» Brief
Could you repeat every entry below word for word, leaving out the pictures?

» Records supplied
════

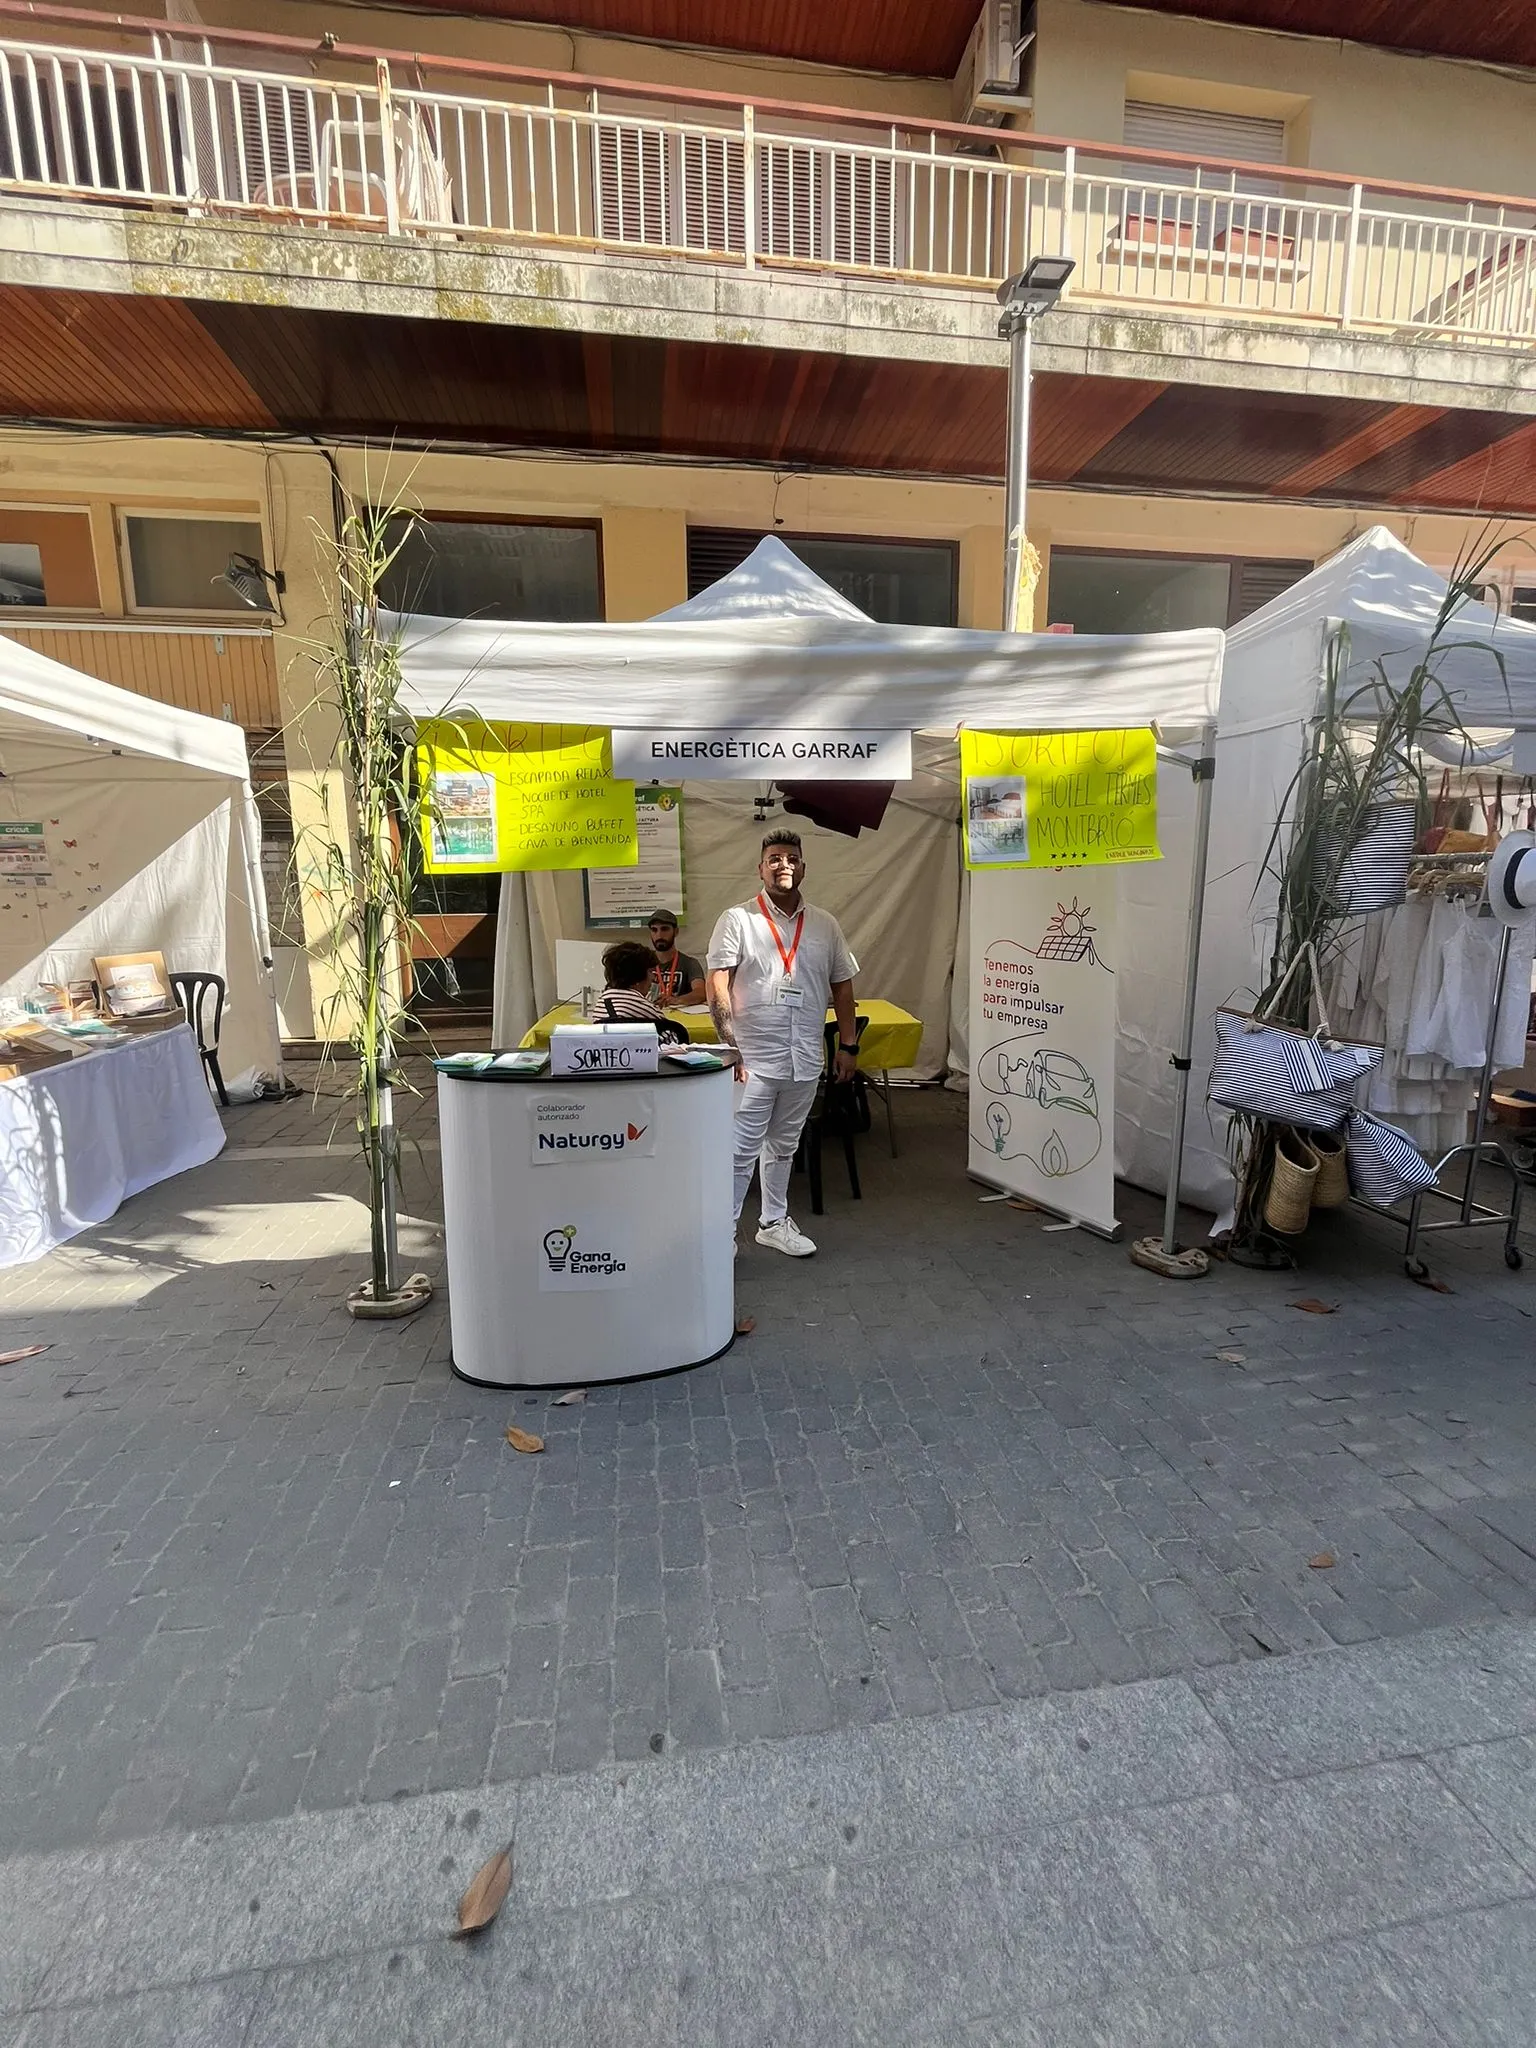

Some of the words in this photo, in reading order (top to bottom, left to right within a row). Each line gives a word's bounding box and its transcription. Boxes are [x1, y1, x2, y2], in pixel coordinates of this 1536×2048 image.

[651, 738, 786, 758] ENERGÈTICA
[792, 743, 878, 759] GARRAF
[509, 769, 570, 786] ESCAPADA
[576, 767, 612, 781] RELAX
[521, 790, 556, 803] NOCHE
[559, 789, 570, 801] DE
[576, 787, 607, 800] HOTEL
[1040, 772, 1096, 809] HOTEL
[521, 804, 546, 819] SPA
[519, 821, 579, 835] DESAYUNO
[586, 818, 625, 832] BUFFET
[518, 838, 549, 850] CAVA
[554, 837, 566, 848] DE
[984, 957, 1034, 975] Tenemos
[983, 974, 991, 986] la
[995, 978, 1040, 994] energía
[983, 993, 1008, 1006] para
[1010, 994, 1064, 1015] impulsar
[983, 1007, 993, 1019] tu
[997, 1011, 1048, 1030] empresa
[567, 1047, 631, 1070] SORTEO
[537, 1104, 586, 1113] Colaborador
[537, 1113, 580, 1121] autorizado
[538, 1132, 625, 1150] Naturgy
[570, 1251, 611, 1262] Gana

════

» Written solution
Some of the words in this photo, in reading order (top to bottom, left to right within a row). Each line gives a word's bounding box and its transcription. Boxes are [x1, y1, x2, y2], in pixel coordinates of this 1536×2048 image.

[651, 738, 786, 758] ENERGÈTICA
[792, 743, 878, 759] GARRAF
[509, 769, 570, 786] ESCAPADA
[576, 767, 612, 781] RELAX
[521, 790, 556, 803] NOCHE
[559, 789, 570, 801] DE
[576, 787, 607, 800] HOTEL
[1040, 772, 1096, 809] HOTEL
[521, 804, 546, 819] SPA
[519, 821, 579, 835] DESAYUNO
[586, 818, 625, 832] BUFFET
[518, 838, 549, 850] CAVA
[554, 837, 566, 848] DE
[984, 957, 1034, 975] Tenemos
[983, 974, 991, 986] la
[995, 978, 1040, 994] energía
[983, 993, 1008, 1006] para
[1010, 994, 1064, 1015] impulsar
[983, 1007, 993, 1019] tu
[997, 1011, 1048, 1030] empresa
[567, 1047, 631, 1070] SORTEO
[537, 1104, 586, 1113] Colaborador
[537, 1113, 580, 1121] autorizado
[538, 1132, 625, 1150] Naturgy
[570, 1251, 611, 1262] Gana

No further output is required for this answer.